Duyduk ki; yazılarımızı okuyan bazı kardeşlerimizin kadın ve erkeklerin bir arada bulunduğu ortamlarda sohbetlerin olması, bayanların yolumuzda öğretmenlik yapması ve bunların dine uygun olmayışı gibi itirazları varmış. Bu hafta bu itiraza açıklama getirmek isterim Allah’ın izniyle.

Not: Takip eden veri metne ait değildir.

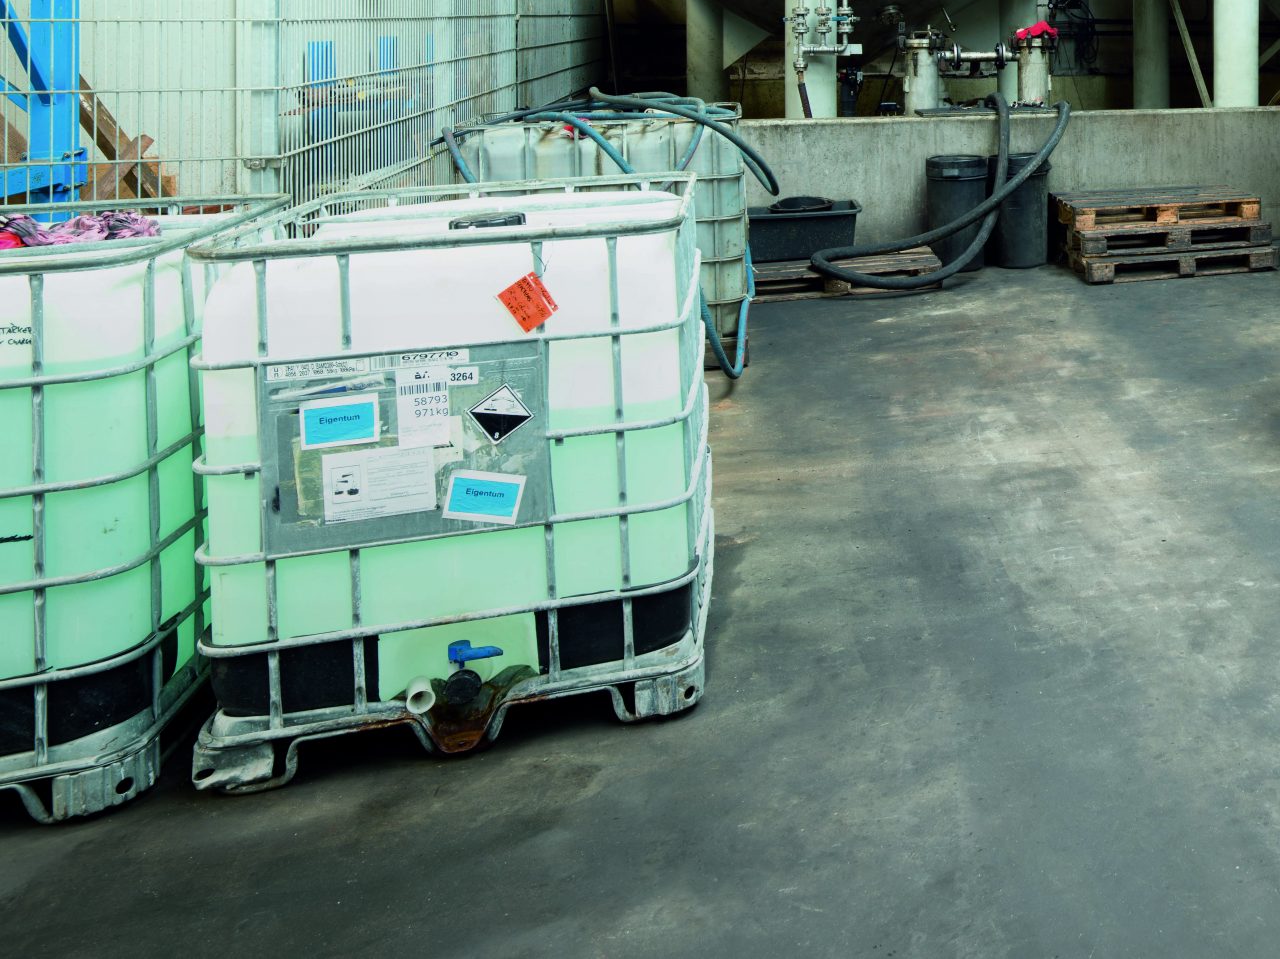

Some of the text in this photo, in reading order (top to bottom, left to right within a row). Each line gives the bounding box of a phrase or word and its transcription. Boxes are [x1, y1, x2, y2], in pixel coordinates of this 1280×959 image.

Yaşadığımız zamanda hayatın her platformunda kadınlar ve erkekler bir arada. Ne alış verişte, ne düğünde, ne okulda ne sokakta ayrı değiliz. Biz insan olarak birlikte yaşıyoruz. Dolayısıyla sürekli iletişim halindeyiz. Bu hepimiz için geçerli bir durum. Bu doğrultuda nasıl davranmalıyız sorusu için öncelikle Kuran’a bakalım derim. Kadınlar ve erkeklerin aynı ortamda bulunamayacağına ve sohbet edemeyeceğine dair bir ayet olmadığı gibi aksini ispatlayan ayetlerden örnek vermek isterim.
“İbrahim'in zevcesi de ayakta dinliyordu ve bunu duyunca güldü. Bunun üzerine ona İshak'ı müjdeledik, İshak'ın arkasından da Yakub'u” “Vay" dedi zevcesi, "Ben bir koca karı, kocam da bir ihtiyar iken doğurabilir miyim? Gerçekten bu çok şaşılacak bir şey!” (Hud suresi, 71. ve 72. ayetler). İbrahim as’ın evine erkek kılığında gelen elçilerden bahseden Kuran’da, Hz. İbrahim’in eşinin de yanlarında bulunduğu, dinlediği ve sohbete de katıldığı ayetlerde açık şekilde görülüyor.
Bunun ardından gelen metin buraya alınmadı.